Design work on the redevelopment of Oakridge Centre is well underway, with a 3D architectural model showing sculpted towers across the 28.5-acre site.
Owner QuadReal and developer Westbank are working on a new redevelopment scheme for the shopping centre, and we are getting a first look at what will be presented for public consultation this fall. The shopping centre was sold by Ivanhoé Cambridge to QuadReal earlier this year.
The shopping centre opened in 1959, and a rezoning of the site was approved in 2014 by Vancouver city council. However, a plan for 11 residential towers was scaled back in 2016 at the request of the city.
The revised proposal includes nearly the same number of towers and several mid-rise buildings containing market and social housing, along with expanded office and retail space.
According to Westbank, the complex will be powered by a district energy system harnessing the power from an adjacent city sewer system.
The revised proposal for Oakridge will also include:
- half-million sq ft. office space;
- one million sq ft. retail space;
- 3.64-hectare (nine-acre) public park;
- a 6,503-square-metre (70,000 sq ft.) civic centre with a new library, daycare, seniors centre and community centre;
- 290 affordable homes to be built and transferred to the city;
- Public high street and enhanced pedestrian access to the Canada Line Station.
“We are in the process of designing an inspiring residential, shopping and business community that abides by the rezoning already approved by the City of Vancouver, and enhances the area’s multicultural character and the shopping centre’s flagship status,” said Remco Daal, president of QuadReal’s Canadian real estate division.
The head of Westbank says the project presents opportunities for new concepts in housing and retail space.
“We are re-thinking every aspect of our daily lives through Oakridge and how this project should both respond and lead for present and future generations,” said Ian Gillespie, founder of Westbank.

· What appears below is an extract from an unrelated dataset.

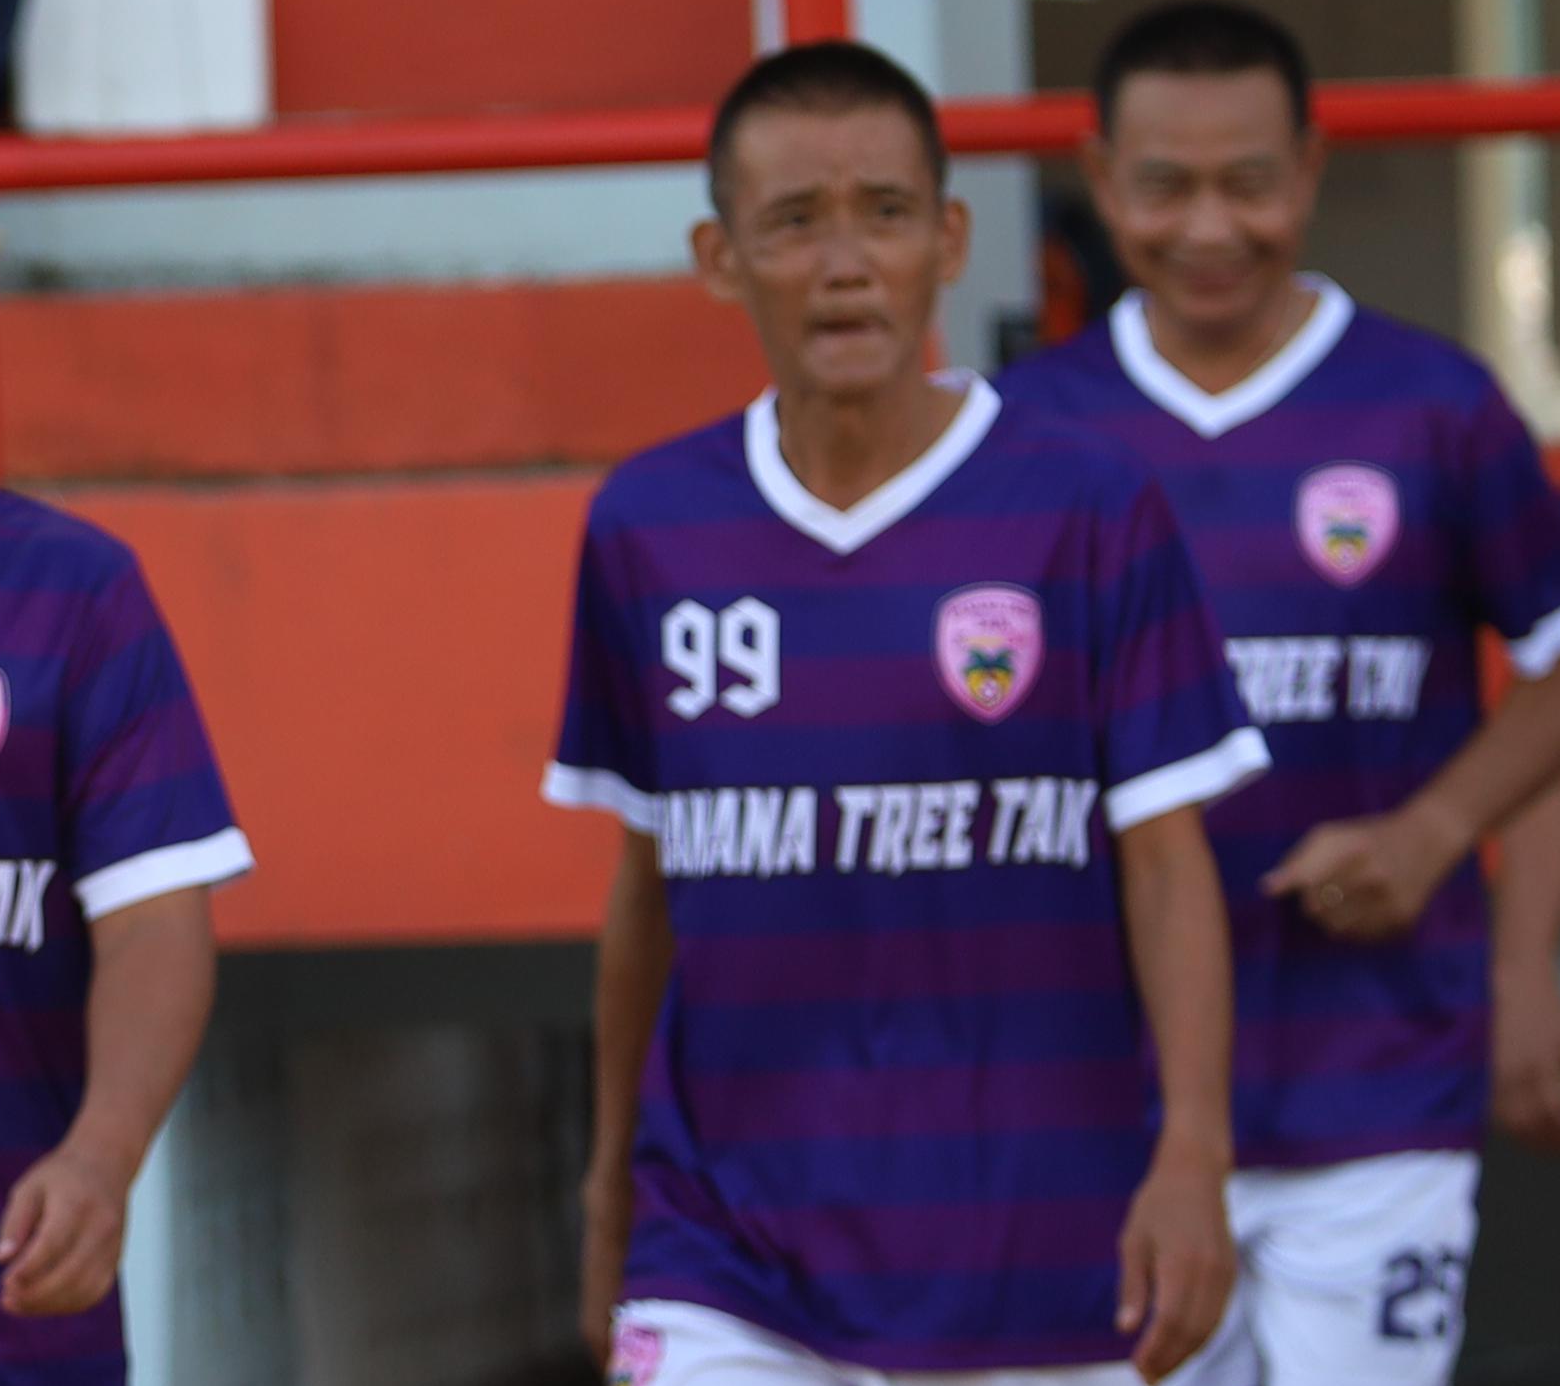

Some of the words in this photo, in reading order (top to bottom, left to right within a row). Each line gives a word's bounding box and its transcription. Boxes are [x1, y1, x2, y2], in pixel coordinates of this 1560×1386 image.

[661, 596, 782, 722] 99
[833, 779, 981, 878] TREE
[987, 776, 1099, 872] TAK

The developer says retail spaces in the project will be ready for the future of retailing, which is centred around experiences.

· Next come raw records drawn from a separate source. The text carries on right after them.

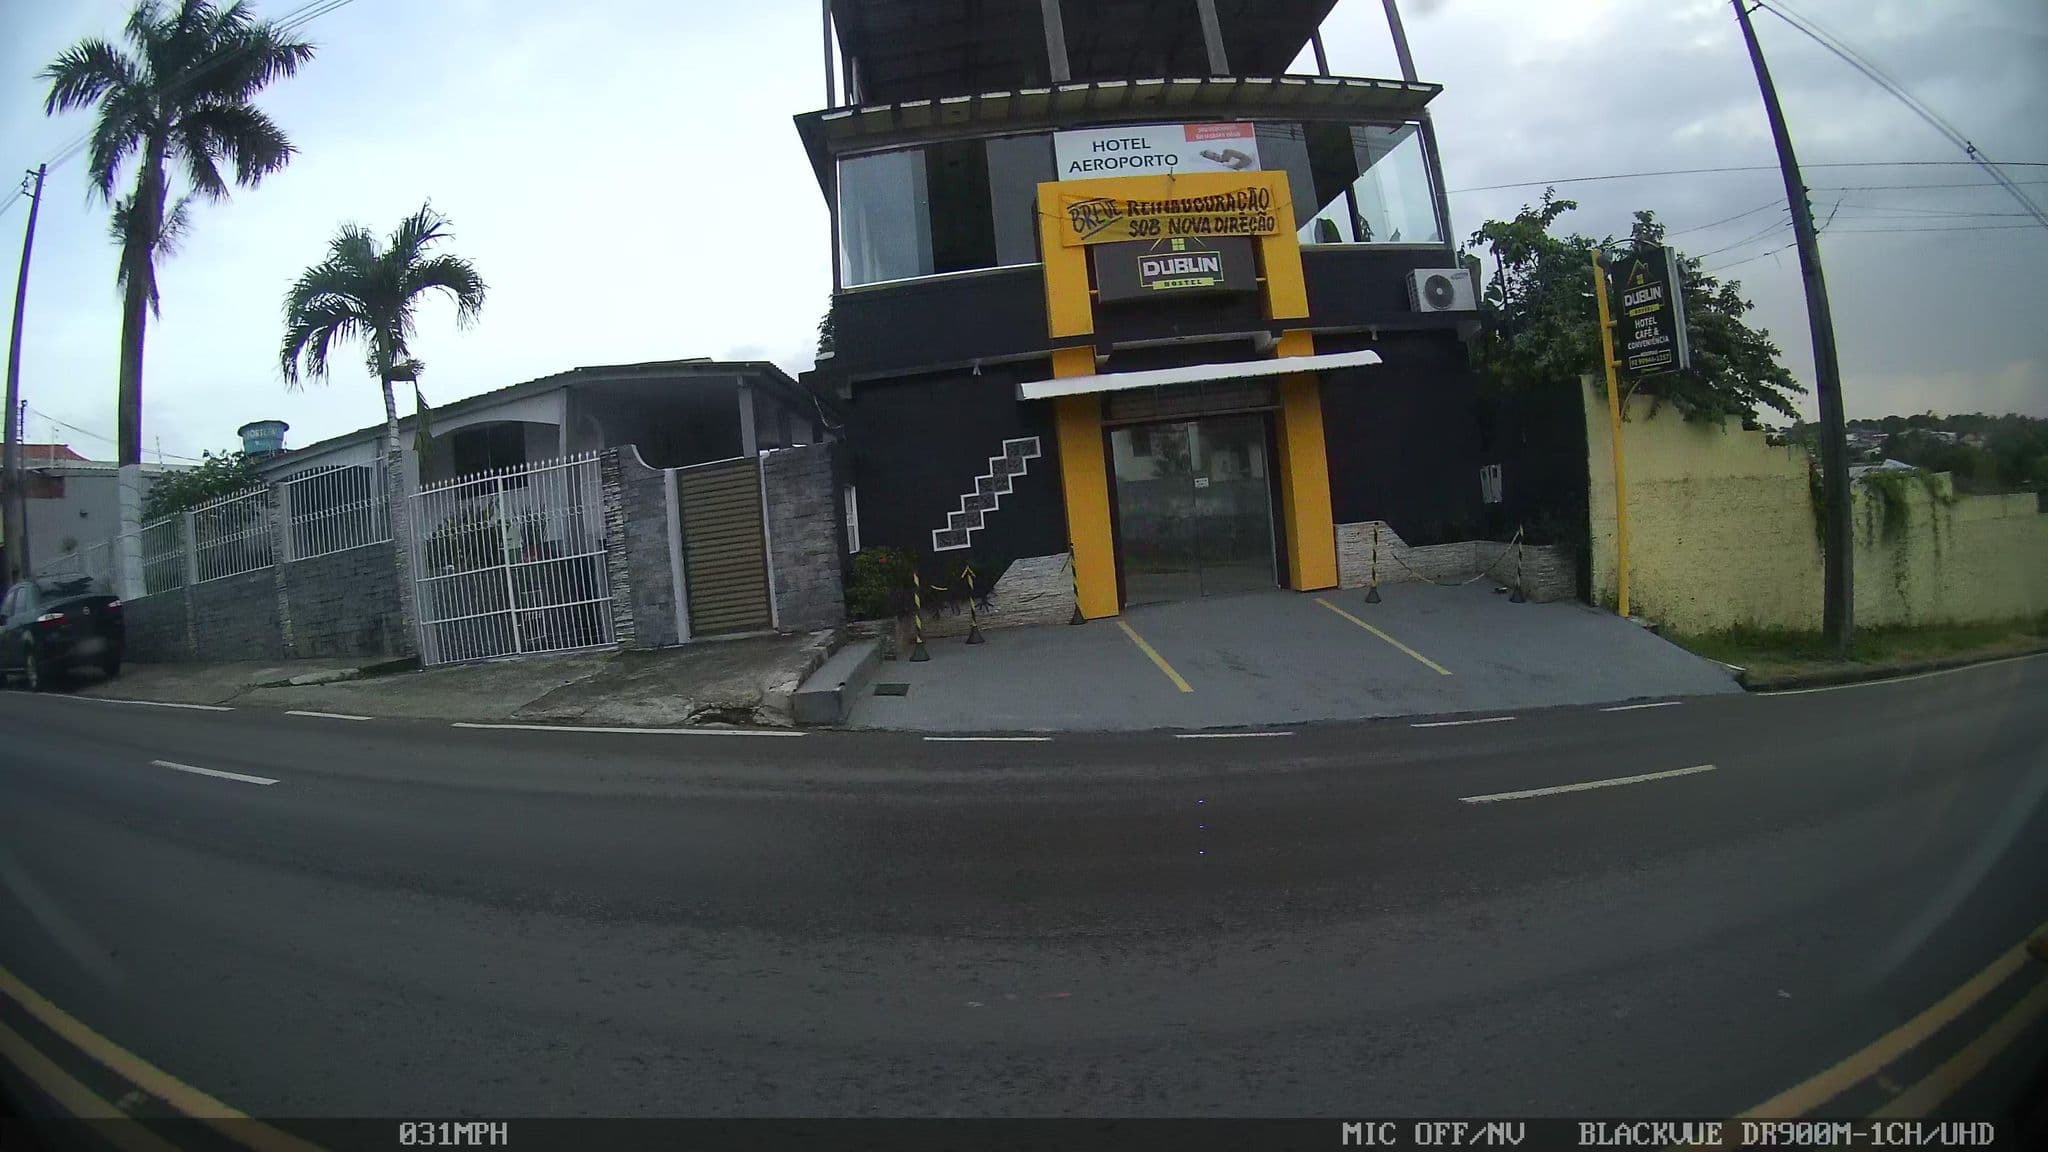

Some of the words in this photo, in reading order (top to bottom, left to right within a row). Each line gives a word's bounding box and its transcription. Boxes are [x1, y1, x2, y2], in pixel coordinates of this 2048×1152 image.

[1092, 138, 1151, 152] HOTEL
[1069, 154, 1179, 173] AEROPORTO
[1128, 218, 1161, 238] SOB
[1168, 217, 1211, 235] NOVA
[1143, 256, 1219, 277] DUBLIN
[1625, 286, 1662, 306] DUBLIN
[1634, 316, 1658, 329] HOTEL
[1634, 327, 1653, 340] CAFÉ

“The role and purpose of retail space will no longer be principally to sell products. These spaces will act as living, breathing physical portals into brand and product experiences,” reads a post on Westbank’s Oakridge project website.

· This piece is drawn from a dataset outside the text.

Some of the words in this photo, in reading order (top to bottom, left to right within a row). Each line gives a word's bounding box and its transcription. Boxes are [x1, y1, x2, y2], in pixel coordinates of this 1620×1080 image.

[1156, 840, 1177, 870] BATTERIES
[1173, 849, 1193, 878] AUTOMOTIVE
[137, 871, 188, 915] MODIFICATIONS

“They will become places we go to learn, be inspired, see and try new things, experiment and co-create. We’ll go to these spaces for entertainment, education, connection and community. The emphasis will no longer be on sales but rather on catalyzing a relationship with the consumer that transcends the store. The way these spaces are planned, built, staffed, managed and measured will look and act nothing like the retail operations of today.”
“What we are trying to achieve is a project which brings all of these elements together in such a way that the retail feels like part of the park, which feels like part of the public art, which feels like part of the performance space. This holistic approach, if successful, will create a unique experience which we are confident will make Oakridge the largest single attraction in Western Canada.”